MULE JENNY – Take Enough Leeway – (Vicious Circle)

Avec “Take Enough Leeway“, Mule Jenny franchit clairement une étape. Si le premier album, pensé et enregistré en solitaire par Étienne Gaillochet (batteur et chanteur de We Insist!), portait la marque d’un artisanat total et assumé, ce second chapitre s’ouvre comme un espace de jeu nettement plus collectif. L’arrivée de Max Roy et Théo Guéneau, soit les 2/3 de Lysistrata, ne dilue en rien la personnalité singulière du projet : elle la propulse ailleurs, dans un endroit où l’urgence live (l’album a été mis en boîte en trois jours) se frotte à une écriture toujours aussi alambiquée (cassures rythmiques et autres structures en zigzag), mais désormais traversée par un vrai sens du refrain.

On ressent immédiatement une certaine tension empruntée à la rigueur du math-rock, mais on devine aussi que quelque chose a changé depuis la sortie de “All This Songs Of Love And Death“ en 2021. Ici, le trio respire ensemble, compose pour la scène autant que pour un format physique ou digital, comme si chaque titre devait pouvoir exploser en direct. L’énergie est certes brute, mais l’ensemble se pare de nouvelles influences, titillant de-ci, de-là les codes de l’indie-rock, voire de la pop au sens le plus noble du terme.

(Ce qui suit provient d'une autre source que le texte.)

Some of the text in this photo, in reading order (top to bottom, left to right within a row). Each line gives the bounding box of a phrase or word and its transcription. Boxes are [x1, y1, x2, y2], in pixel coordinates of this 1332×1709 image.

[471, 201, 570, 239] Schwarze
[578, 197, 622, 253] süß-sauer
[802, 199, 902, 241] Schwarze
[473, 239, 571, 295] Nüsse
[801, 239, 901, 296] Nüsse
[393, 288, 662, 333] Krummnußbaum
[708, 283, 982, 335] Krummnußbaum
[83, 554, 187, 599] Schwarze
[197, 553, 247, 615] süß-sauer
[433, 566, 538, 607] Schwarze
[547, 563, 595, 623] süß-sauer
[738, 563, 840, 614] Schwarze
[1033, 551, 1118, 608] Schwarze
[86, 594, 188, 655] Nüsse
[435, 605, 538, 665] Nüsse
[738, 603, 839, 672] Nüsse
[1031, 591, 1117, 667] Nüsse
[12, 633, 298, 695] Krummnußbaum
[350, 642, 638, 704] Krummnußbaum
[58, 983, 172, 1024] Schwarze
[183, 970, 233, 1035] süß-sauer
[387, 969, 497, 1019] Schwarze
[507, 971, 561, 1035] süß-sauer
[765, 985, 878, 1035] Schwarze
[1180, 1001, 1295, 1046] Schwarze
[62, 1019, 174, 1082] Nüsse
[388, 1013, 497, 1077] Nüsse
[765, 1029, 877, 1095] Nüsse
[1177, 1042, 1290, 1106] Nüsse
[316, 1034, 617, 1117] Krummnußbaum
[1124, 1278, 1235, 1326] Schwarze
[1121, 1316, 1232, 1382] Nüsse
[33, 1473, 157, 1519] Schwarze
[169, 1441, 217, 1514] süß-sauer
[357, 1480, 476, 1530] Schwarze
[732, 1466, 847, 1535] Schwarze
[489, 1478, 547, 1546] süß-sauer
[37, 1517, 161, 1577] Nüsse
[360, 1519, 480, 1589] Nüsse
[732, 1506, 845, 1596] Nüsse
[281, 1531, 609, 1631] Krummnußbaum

Avec “Take Enough Leeway“, Mule Jenny ouvre des fenêtres et laisse entrer la lumière. Les mélodies ne sont plus de simples accidents heureux et le trio prouve avec un indéniable savoir-faire qu’on peut faire chanter des structures tordues ou encore transformer la dissonance en hymne potentiel. Une belle leçon de liberté, électrique et nuancée à souhait.